* **Work instruction**: Please copy the entries below word for word, leaving out any image.

* **Records supplied**:
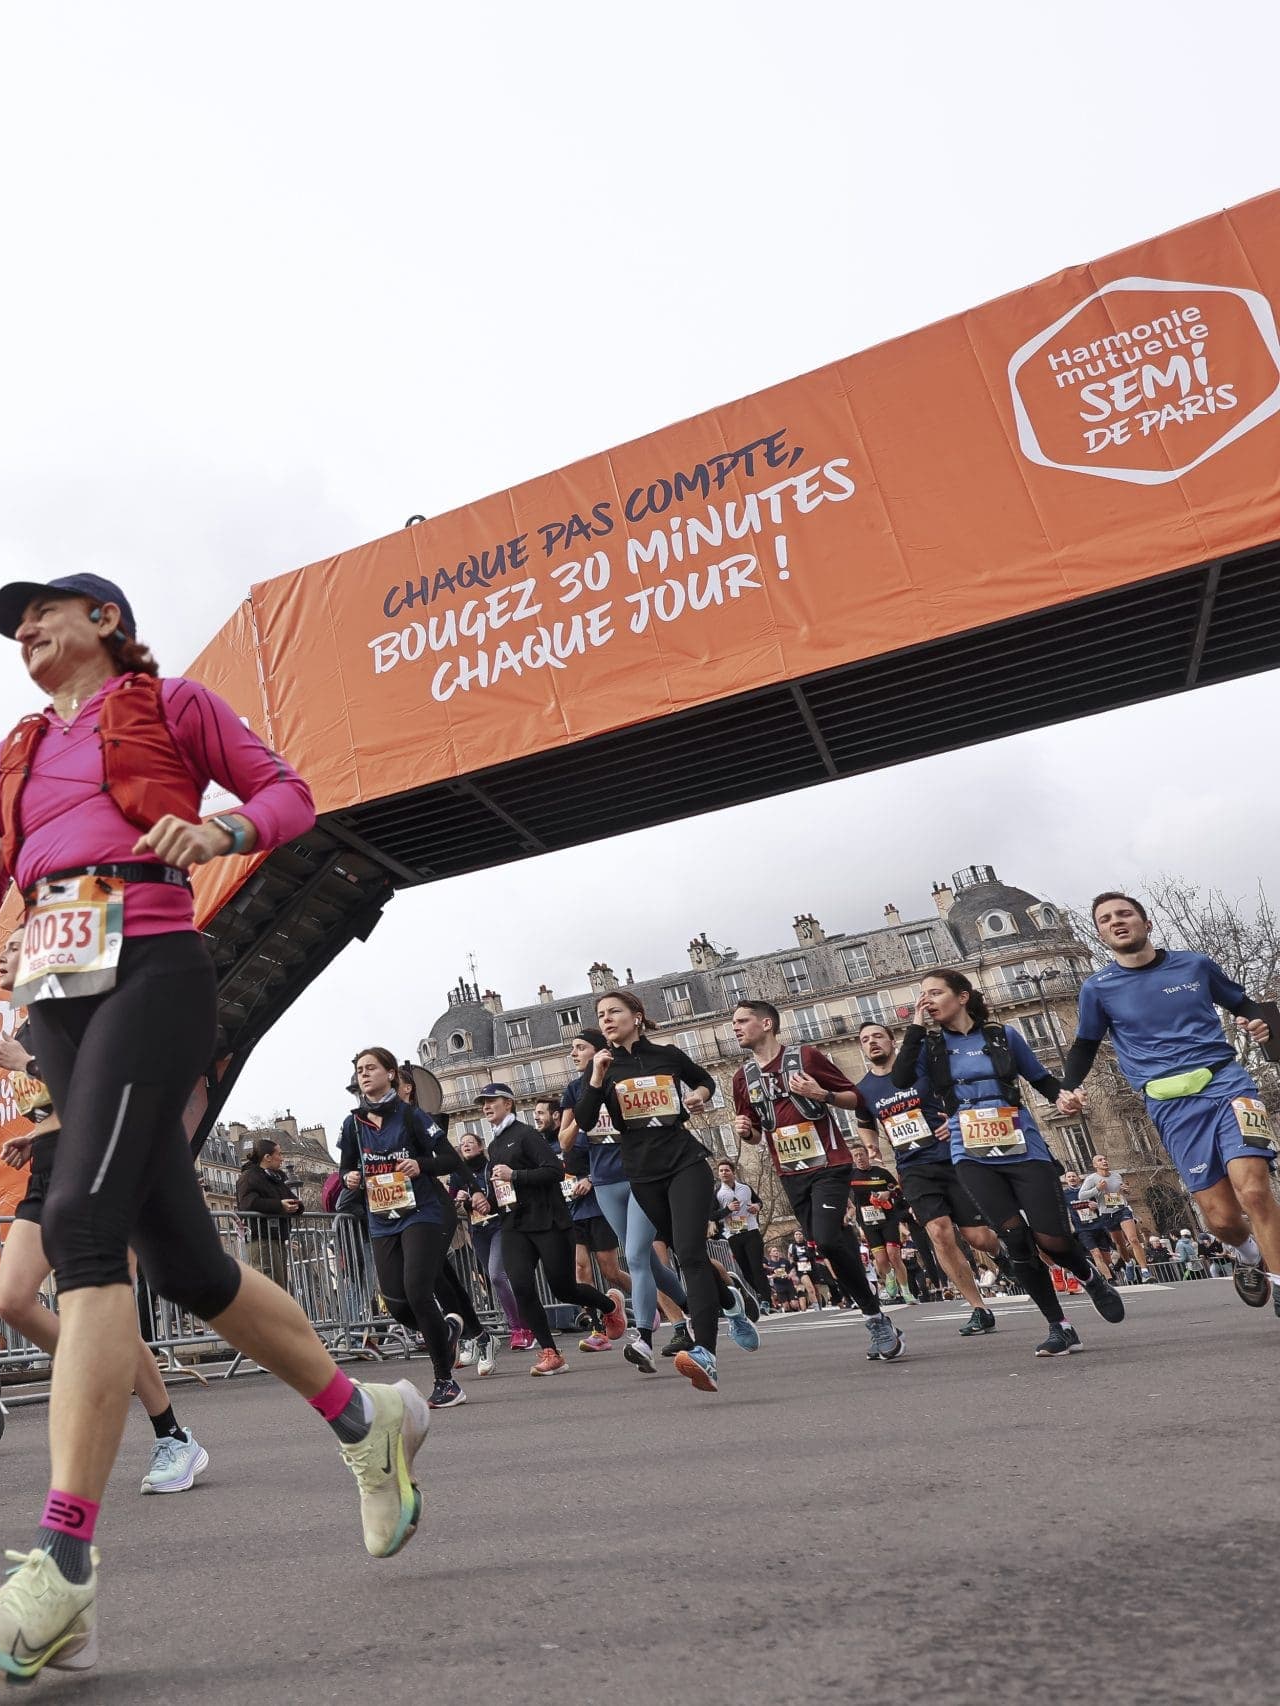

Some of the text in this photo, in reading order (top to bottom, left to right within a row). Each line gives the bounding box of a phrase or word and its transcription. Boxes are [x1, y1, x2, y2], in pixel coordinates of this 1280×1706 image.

[1047, 306, 1201, 371] Harmonie
[1056, 324, 1209, 388] mutuelle
[1083, 417, 1132, 454] DE
[382, 428, 805, 618] CHAQUE PAS COMPTE,
[367, 577, 542, 675] BOUGEZ
[550, 551, 612, 604] 30
[431, 600, 614, 701] CHAQUE
[24, 911, 92, 959] 40033
[623, 1089, 669, 1110] 54486
[892, 1121, 919, 1139] 44182
[966, 1121, 1009, 1139] 27389
[1243, 1112, 1267, 1130] 224
[777, 1136, 811, 1154] 44470
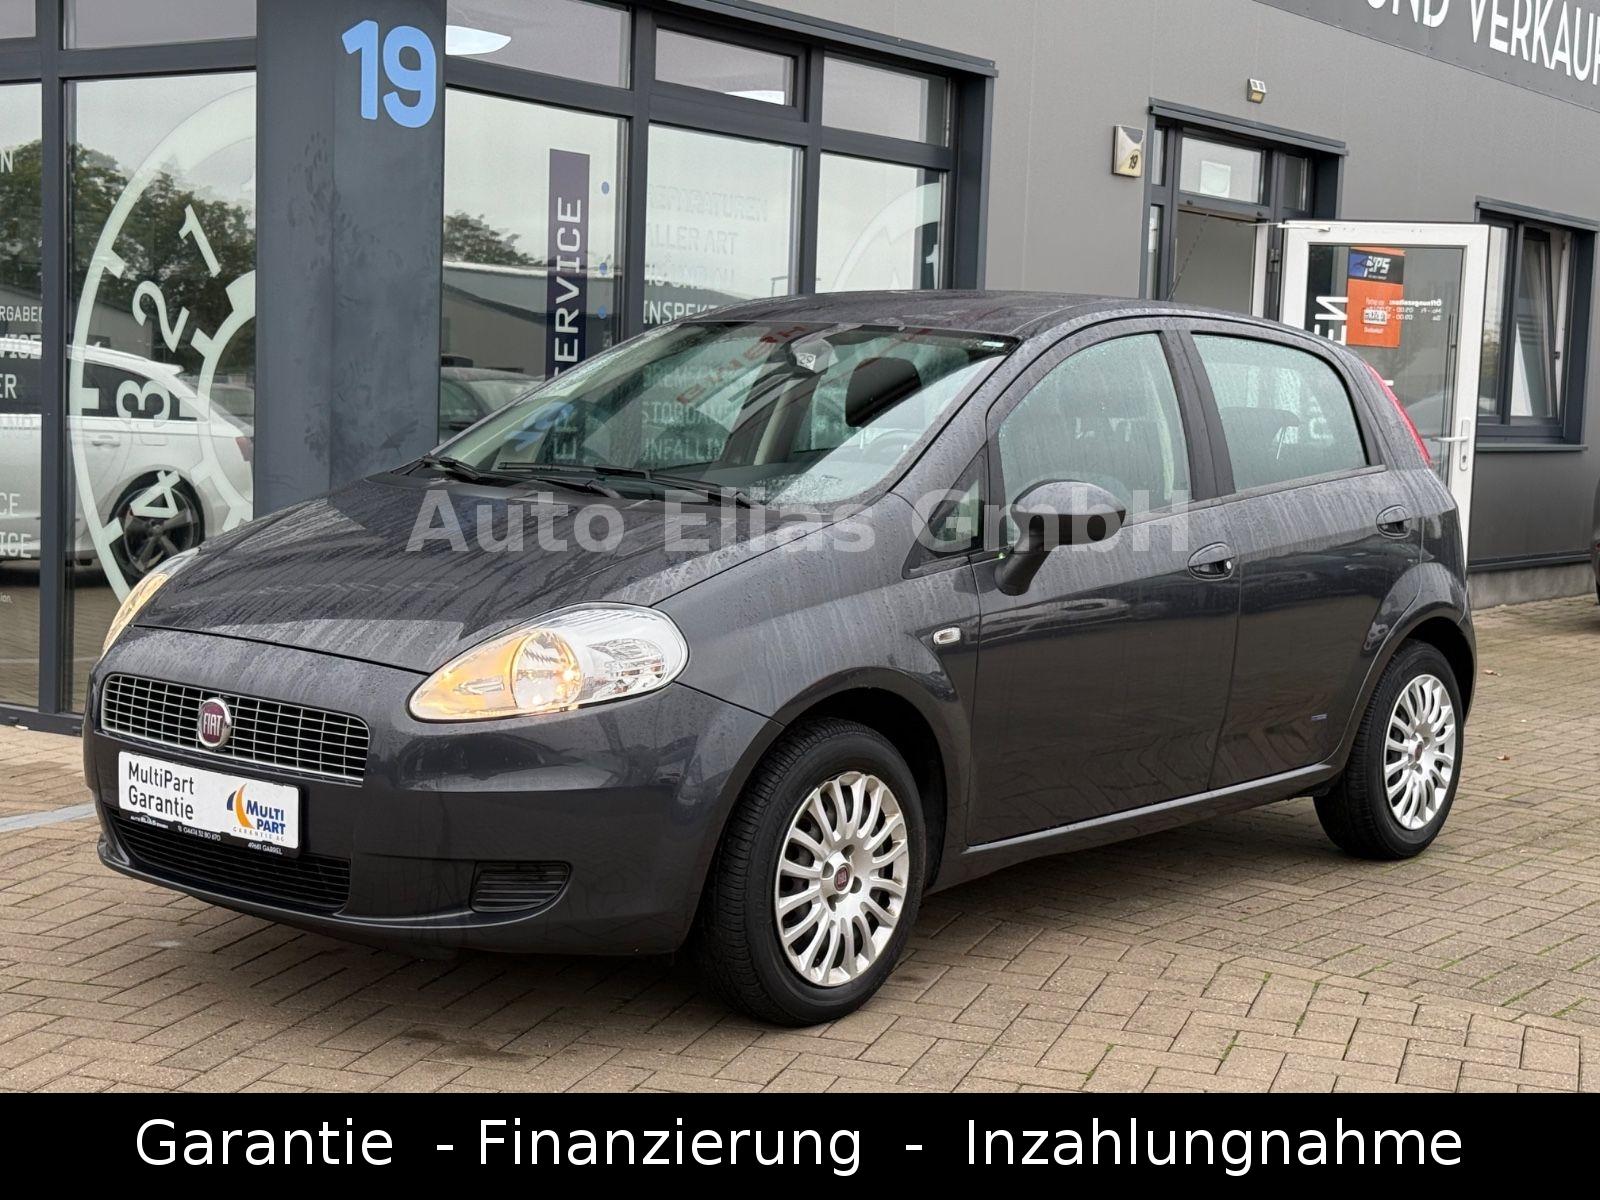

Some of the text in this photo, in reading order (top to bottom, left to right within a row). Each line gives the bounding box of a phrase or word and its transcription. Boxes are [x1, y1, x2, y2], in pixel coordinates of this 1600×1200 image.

[341, 20, 436, 128] 19
[1128, 153, 1139, 170] 19
[554, 196, 582, 376] ERVICE
[132, 280, 189, 352] 2
[116, 380, 171, 429] 3
[130, 470, 181, 519] 4
[203, 712, 223, 737] FIAT
[128, 760, 195, 795] MultiPart
[128, 785, 194, 821] Garantie
[256, 818, 286, 835] PART

* **Your response**:
Some of the text in this photo, in reading order (top to bottom, left to right within a row). Each line gives the bounding box of a phrase or word and its transcription. Boxes are [x1, y1, x2, y2], in pixel coordinates of this 1280×1706 image.

[1047, 306, 1201, 371] Harmonie
[1056, 324, 1209, 388] mutuelle
[1083, 417, 1132, 454] DE
[382, 428, 805, 618] CHAQUE PAS COMPTE,
[367, 577, 542, 675] BOUGEZ
[550, 551, 612, 604] 30
[431, 600, 614, 701] CHAQUE
[24, 911, 92, 959] 40033
[623, 1089, 669, 1110] 54486
[892, 1121, 919, 1139] 44182
[966, 1121, 1009, 1139] 27389
[1243, 1112, 1267, 1130] 224
[777, 1136, 811, 1154] 44470

Some of the text in this photo, in reading order (top to bottom, left to right within a row). Each line gives the bounding box of a phrase or word and its transcription. Boxes are [x1, y1, x2, y2], in pixel coordinates of this 1600×1200 image.

[341, 20, 436, 128] 19
[1128, 153, 1139, 170] 19
[554, 196, 582, 376] ERVICE
[132, 280, 189, 352] 2
[116, 380, 171, 429] 3
[130, 470, 181, 519] 4
[203, 712, 223, 737] FIAT
[128, 760, 195, 795] MultiPart
[128, 785, 194, 821] Garantie
[256, 818, 286, 835] PART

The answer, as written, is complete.